We’re all meant for our time, but few of us more than Robert Evans. He is not a rebel. Rather, he is a risk-taker. There’s a difference. He is not here to defy people, but entertain them. For that, he will push the envelope, in ways far greater than most people will consider.

The Kid, initially published in 1994 and given a fresh introduction in 2013, owes its appeal to its everyman employment fantasy — reading scripts, hearing pitches, watching dailies, and ultimately deciding, “This works,” or, as Evans would put it, “This is sh--.” To watch dailies with Evans would be like observing the NFL Draft combine with Bill Belichick. Very few can make a living in that line of work; fewer still with those dreams can acquire a mansion and the premier parking space at a Hollywood studio. These recollections of artistic critiques, not the lukewarm, non-titillating sexual escapades, carry The Kid into rare heights of memoir-dom.

The early pages indicate the origins of Evans’ chutzpah. Literally, his family pushed the boundaries of America's racial divide. His father was a dentist — in Harlem, of all places, the “first fully integrated” office in America, by Evans’ way of thinking. “Lenox Avenue was his,” Evans writes, marveling at how a white father and son could walk the streets and never feel threatened. While he never aspired to be a dentist, Evans clearly takes emotional sides between his father, serving the masses, and his mother’s siblings, uncles of great wealth during the Great Depression who drew Evans’ scorn for riding around in Cadillacs.

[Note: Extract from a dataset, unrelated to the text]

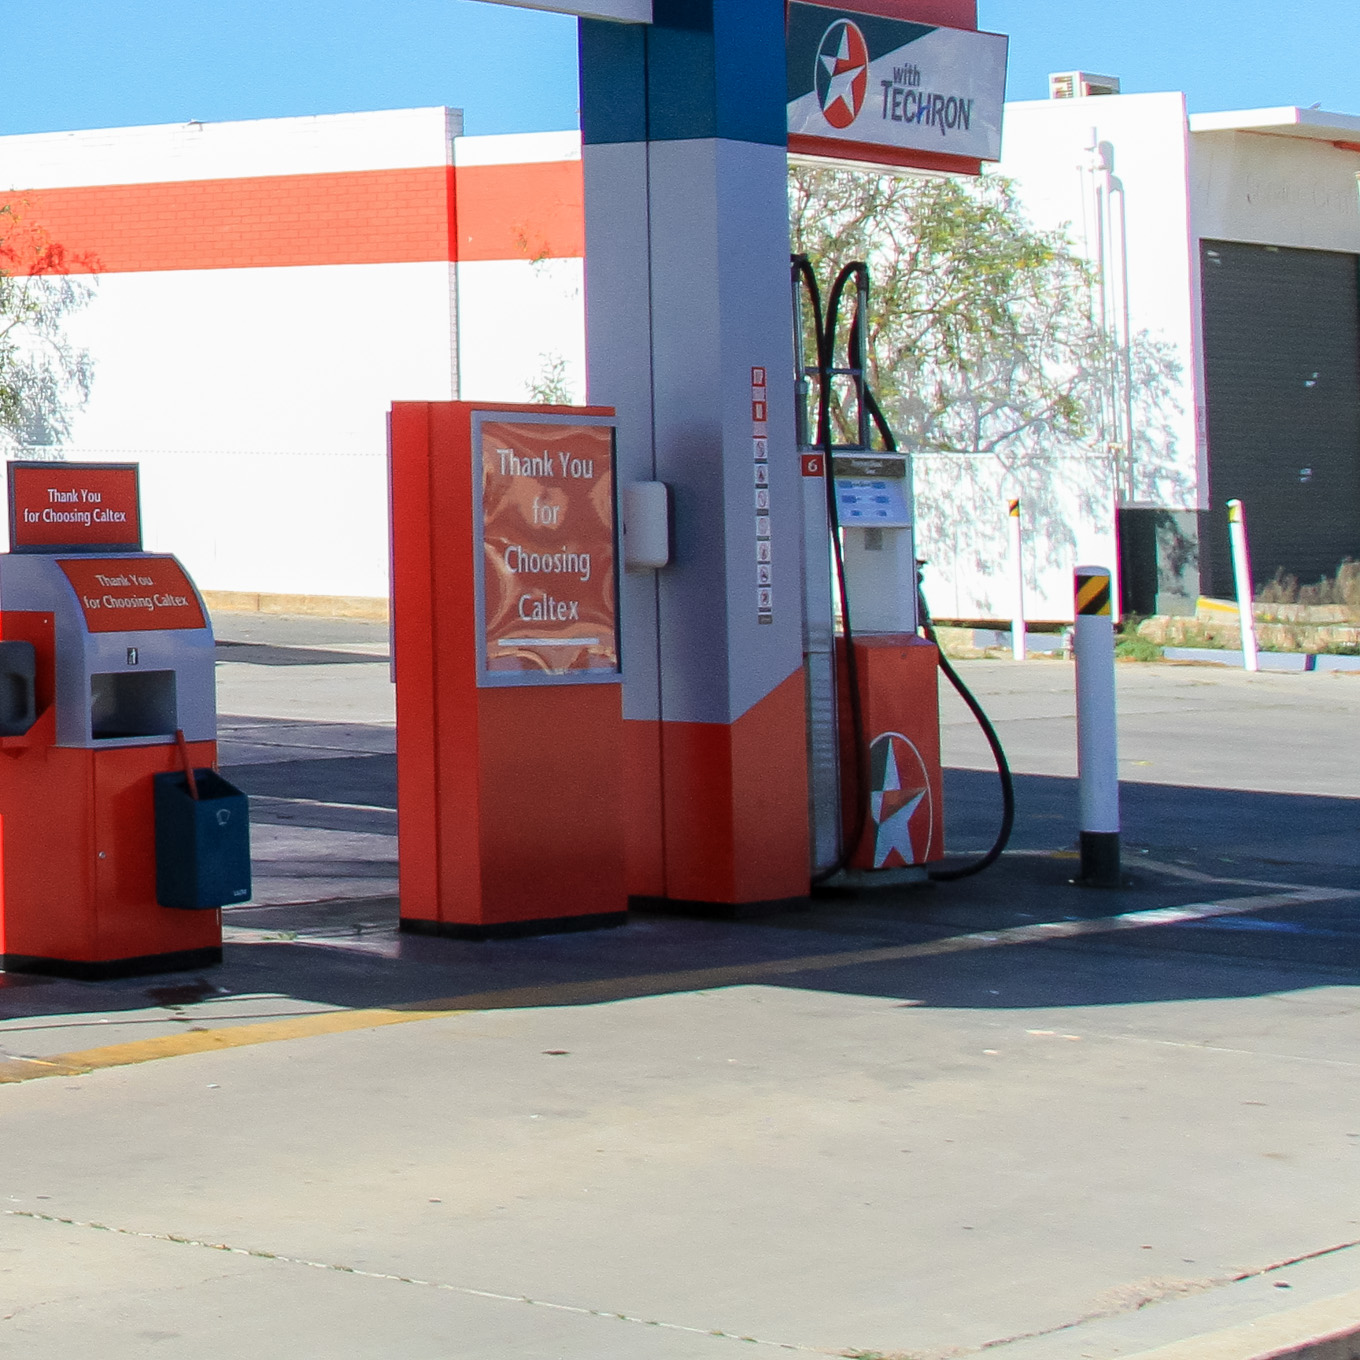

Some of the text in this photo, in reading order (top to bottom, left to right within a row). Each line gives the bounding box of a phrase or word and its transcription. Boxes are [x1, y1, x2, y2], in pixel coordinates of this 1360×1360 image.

Very early in the book, Evans supplies a critical story from his childhood about his capacity to judge art. Wondering how his mother “had married beneath her,” he found a hatbox with letters she received from his father, a treasure of romantic poetry. “No wonder she’d fallen in love with him!”

From the day we’re born, we learn how the audience responds to us. Evans as a boy realized his own ability to entertain was prodigious. Here we get the delineation between rebel and risk-taker that ultimately catapults Evans to Hollywood’s throne — a boy requesting some form of non-disapproval from his father to seek acting jobs and pursuing them to the extreme, faking a résumé, taking Nazi parts. During summer break. At age 12.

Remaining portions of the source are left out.